Respirar, todos lo hacemos, pero no todos respiramos igual. ¿Alguna vez te has planteado como sueles respirar? ¿Respiras profunda o superficialmente? ¿Por la nariz, por la boca? Pueden parecer matices insignificantes, pero tienen un gran impacto sobre nuestra salud.

 

Por ejemplo, un reciente estudio de la universidad Northwestern afirma las personas que respiran por la nariz, tienen más facilidad para interpretar emociones de miedo en los rostros de otras personas y recordar objetos, y si los ven durante un corto lapso de tiempo, los recordarán mejor si los ven mientras inhalan en lugar de mientras exhalan.

El control de la respiración puede aportarnos muchos beneficios en diferentes aspectos.

Algo que siempre nos han dicho, es que si respiramos profundamente conseguiremos relajarnos, pero no se sabía el porqué.
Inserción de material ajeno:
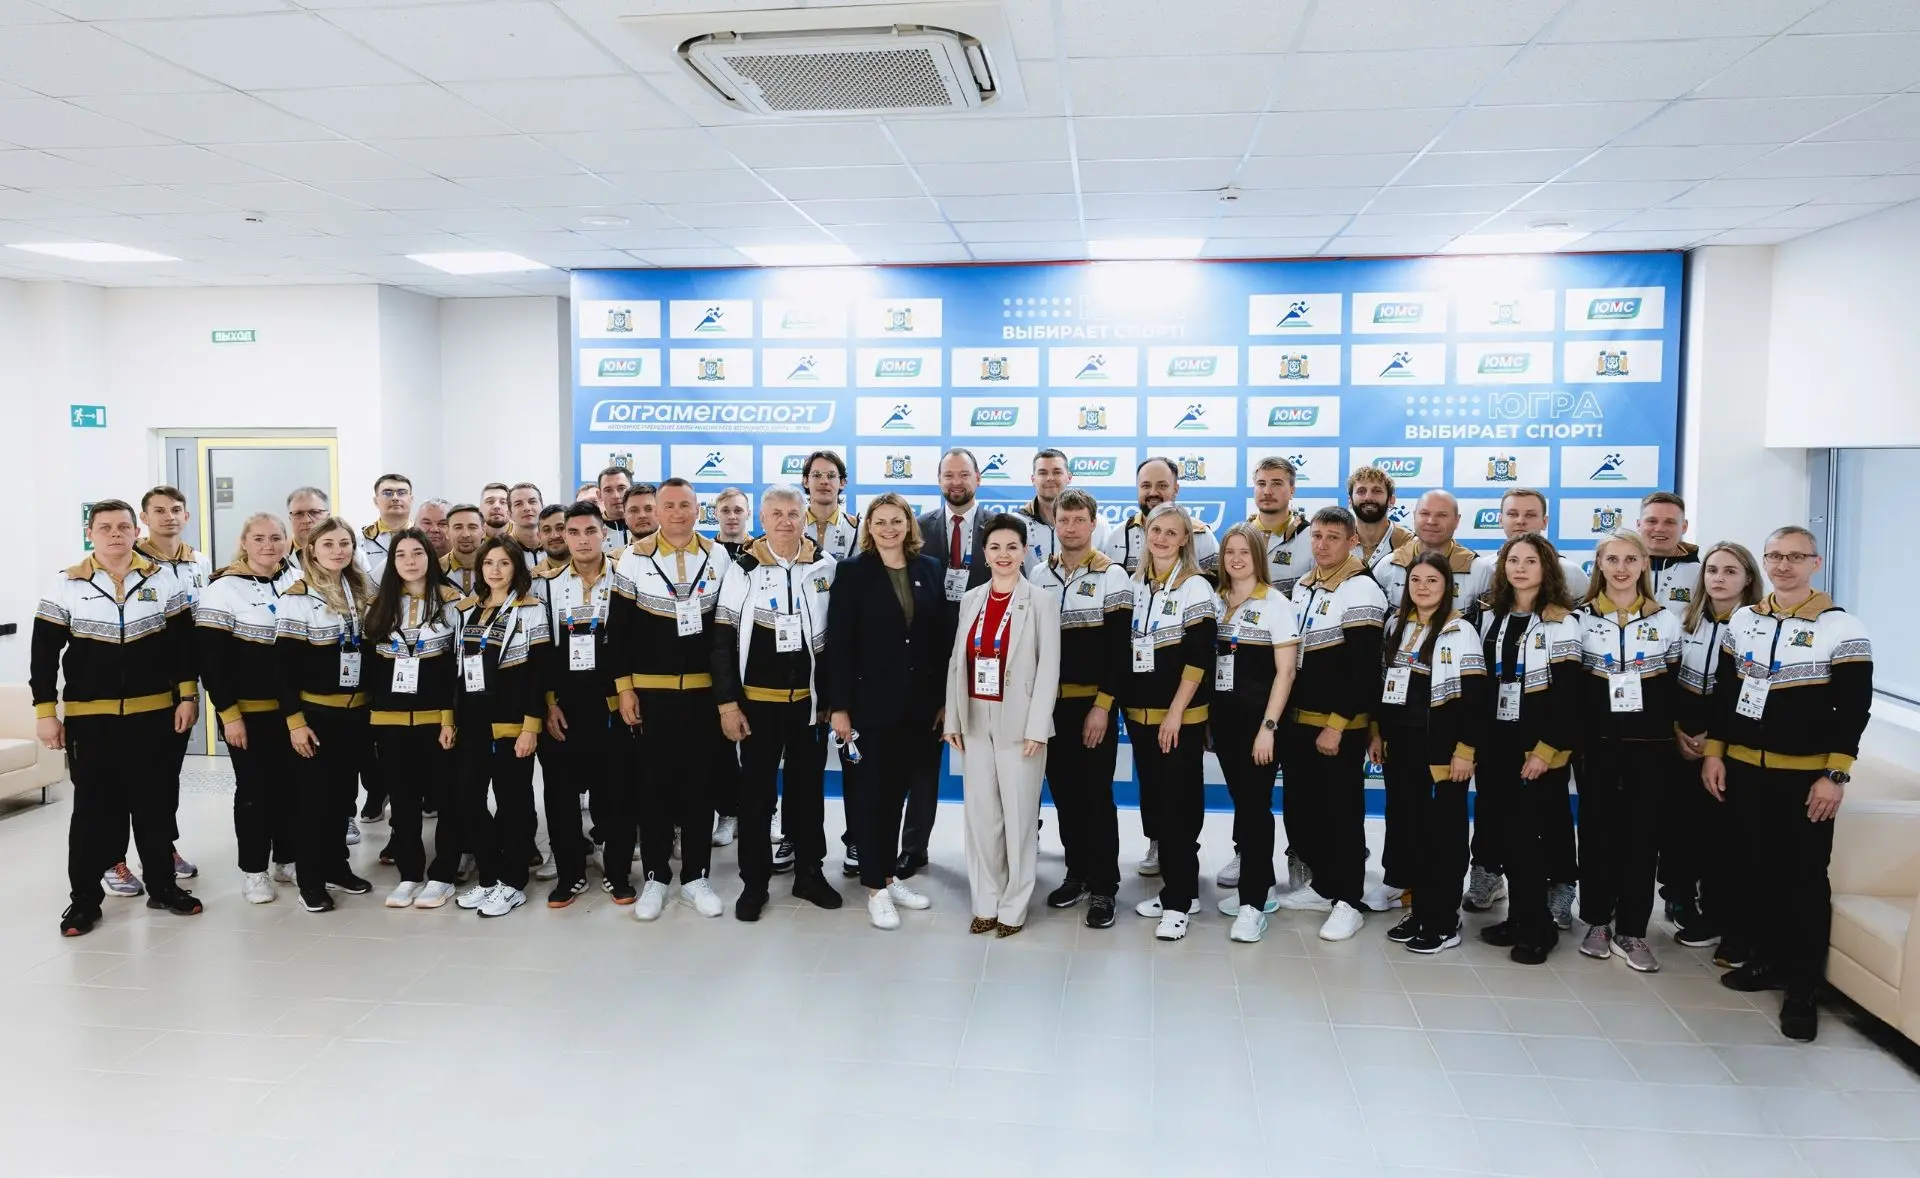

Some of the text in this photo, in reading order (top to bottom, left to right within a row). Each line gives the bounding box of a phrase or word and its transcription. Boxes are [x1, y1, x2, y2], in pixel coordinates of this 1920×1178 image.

[1379, 306, 1418, 318] ЮМС
[1594, 301, 1634, 313] ЮМС
[214, 331, 252, 341] ВЫХОД
[1002, 325, 1109, 340] ВЫБИРАЕТ
[603, 360, 636, 372] ЮМС
[881, 360, 916, 372] ЮМС
[1174, 358, 1211, 371] ЮМС
[1484, 354, 1524, 367] ЮМС
[1488, 391, 1603, 419] ЮГРА
[977, 410, 1012, 421] ЮМС
[1274, 409, 1312, 420] ЮМС
[1405, 423, 1603, 439] ВЫБИРАЕТ СПОРТ!
[1073, 460, 1110, 470] ЮМС
[1377, 459, 1416, 470] ЮМС
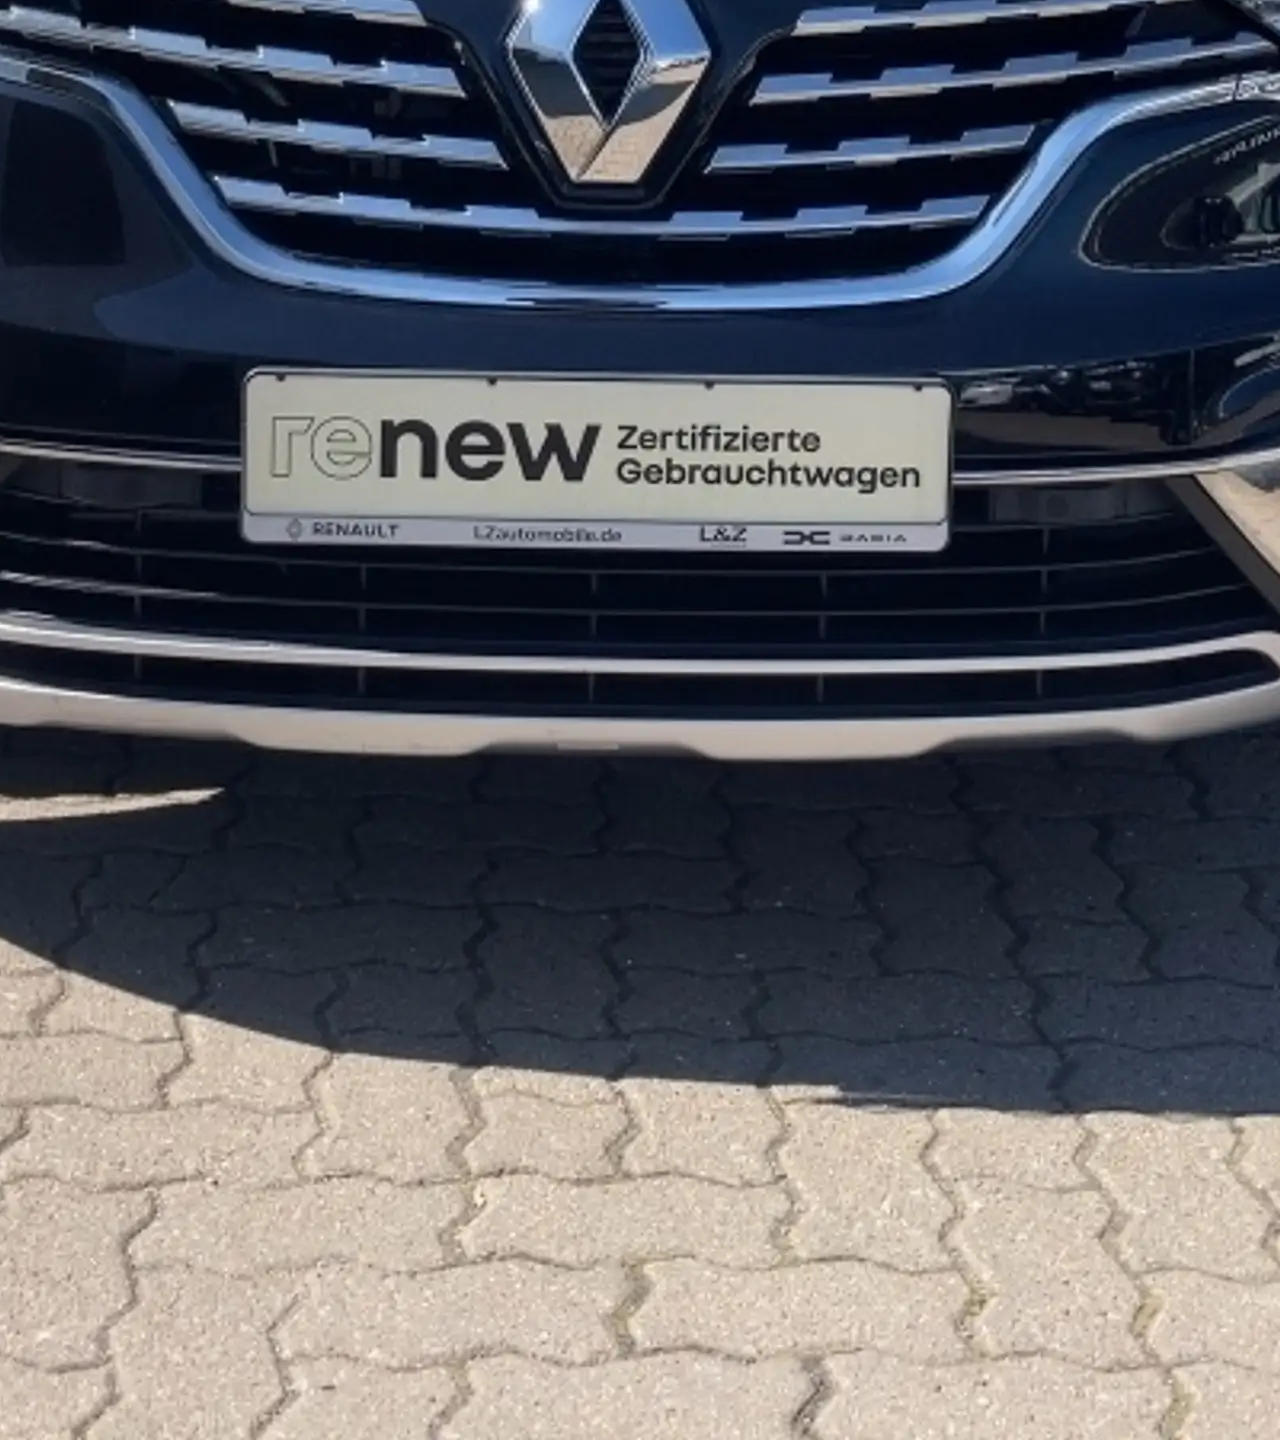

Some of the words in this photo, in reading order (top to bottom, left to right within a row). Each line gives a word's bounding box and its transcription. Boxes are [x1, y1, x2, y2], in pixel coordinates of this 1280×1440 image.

[270, 415, 601, 482] renew
[617, 424, 822, 453] Zertifizierte
[616, 458, 922, 495] Gebrauchtwagen
[312, 521, 400, 538] RENAULT
[699, 526, 748, 543] L&Z
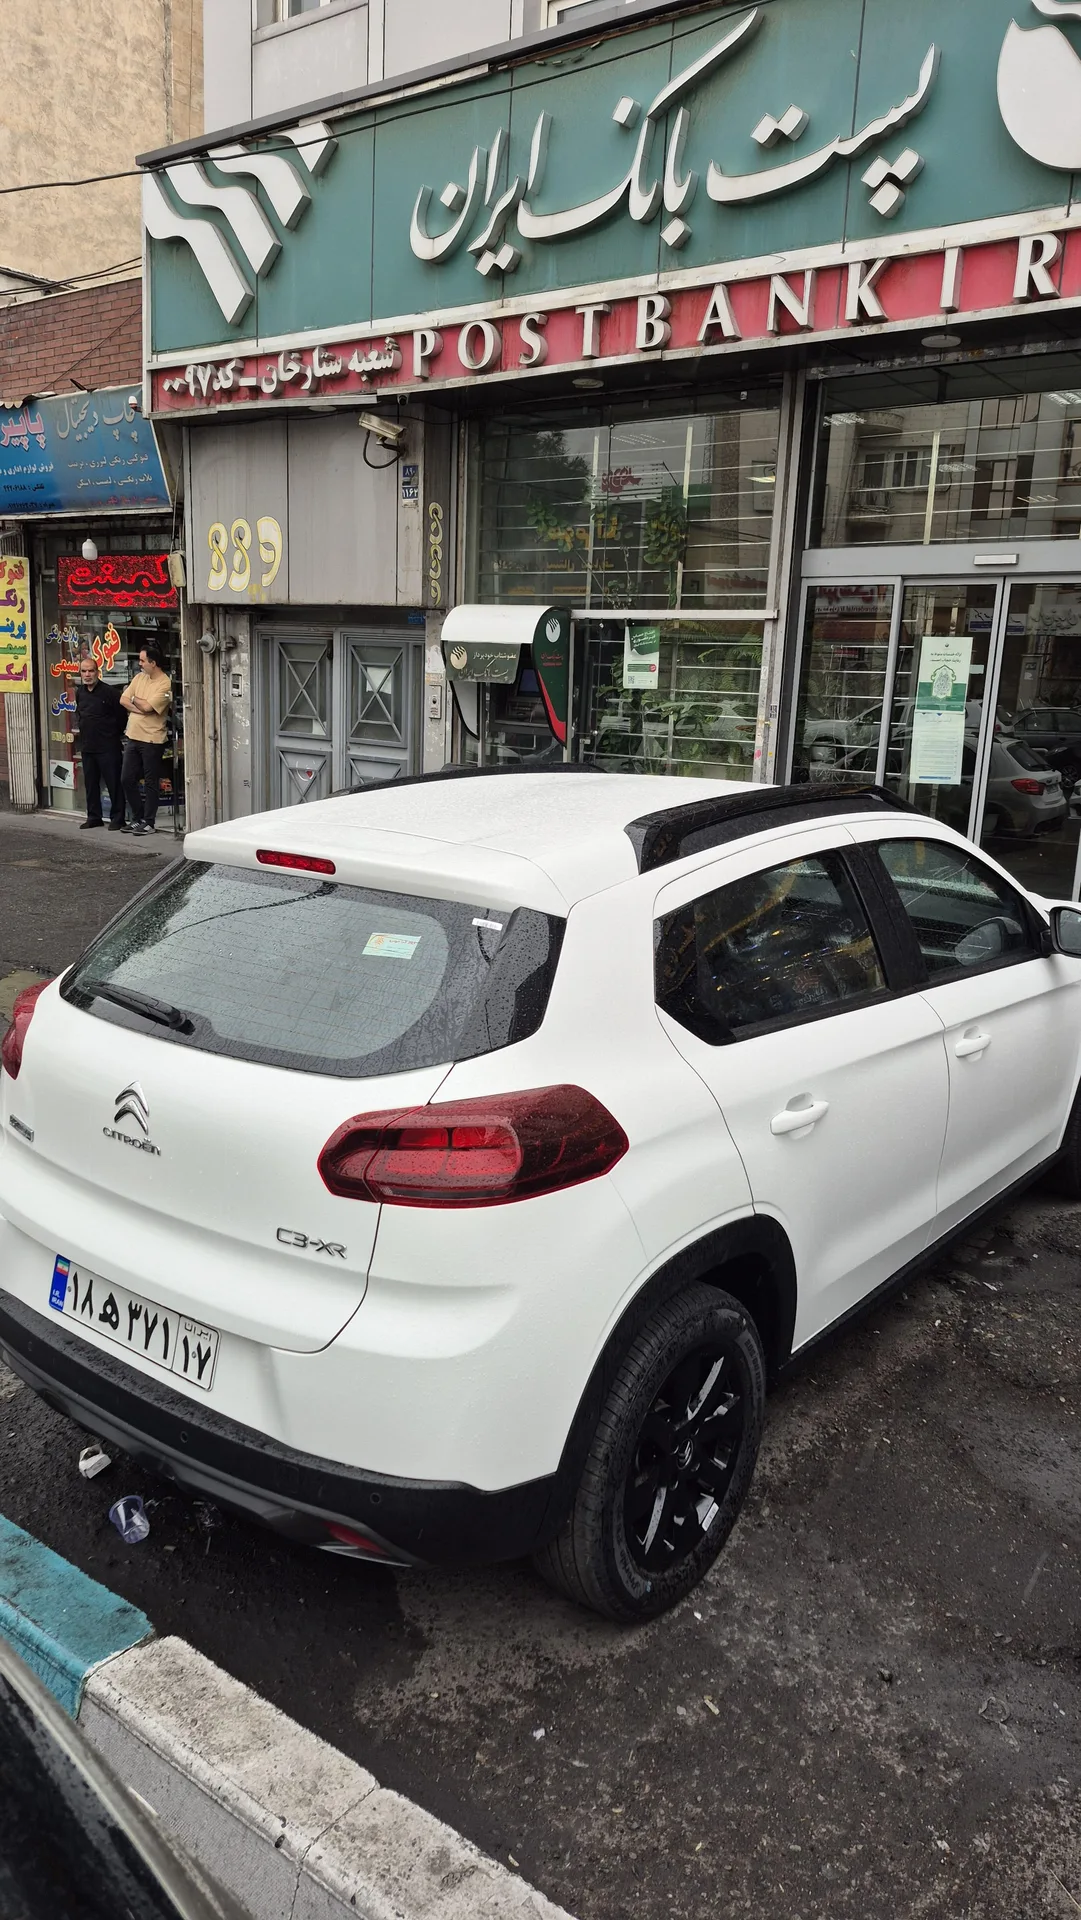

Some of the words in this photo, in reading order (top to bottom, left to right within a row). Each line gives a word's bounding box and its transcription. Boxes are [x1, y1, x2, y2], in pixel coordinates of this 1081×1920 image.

[516, 7, 764, 249] بانک
[706, 42, 941, 218] پست
[409, 110, 553, 276] ایران
[260, 345, 346, 394] ستارخان
[347, 336, 402, 382] شعبه
[57, 398, 99, 442] دیجیتال
[492, 668, 509, 681] پست
[103, 1127, 161, 1156] CITROËN
[276, 1227, 347, 1259] C3-XR
[51, 1296, 63, 1307] IRAN
[184, 1321, 212, 1342] ایران
[182, 1334, 211, 1381] ۱۷
El motivo por el que al respirar profundamente ocurre esto es porque existen un número de neuronas (175 concretamente) que detectan los cambios de ritmo en la respiración y comunican al resto del cerebro (y en consecuencia al resto del cuerpo) que debe relajarse. Si prestas atención a tu respiración, cuando estás en tensión, tu respiración es más superficial y rápida, sin embargo, de forma instintiva, cuando quieres calmarte, empiezas a respirar más profunda y lentamente.

 

También se ha descubierto que la respiración profunda y controlada utilizada para facilitar la meditación, produce un crecimiento en las zonas del cerebro asociadas con la atención y el procesamiento de estímulos sensoriales, siendo de gran importancia para contrarrestar los efectos del envejecimiento sobre la materia gris.

 

Otro efecto interesante es sobre nuestra tensión arterial, ya que la práctica regular de la respiración profunda y relajada tiene un efecto reductor en la presión arterial de las personas, un efecto nada despreciable dado la gran cantidad de personas que deben medicarse para reducir sus niveles de tensión arterial.

 

Espero que tras ver todos estos beneficios que ofrece practicar la respiración profunda y pausada, te animes a practicarla más en tu día a día de forma consciente. No necesitas material especial, ni una forma física determinada, con dedicarle 5 minutos varias veces al día, te aseguro que notarás la diferencia.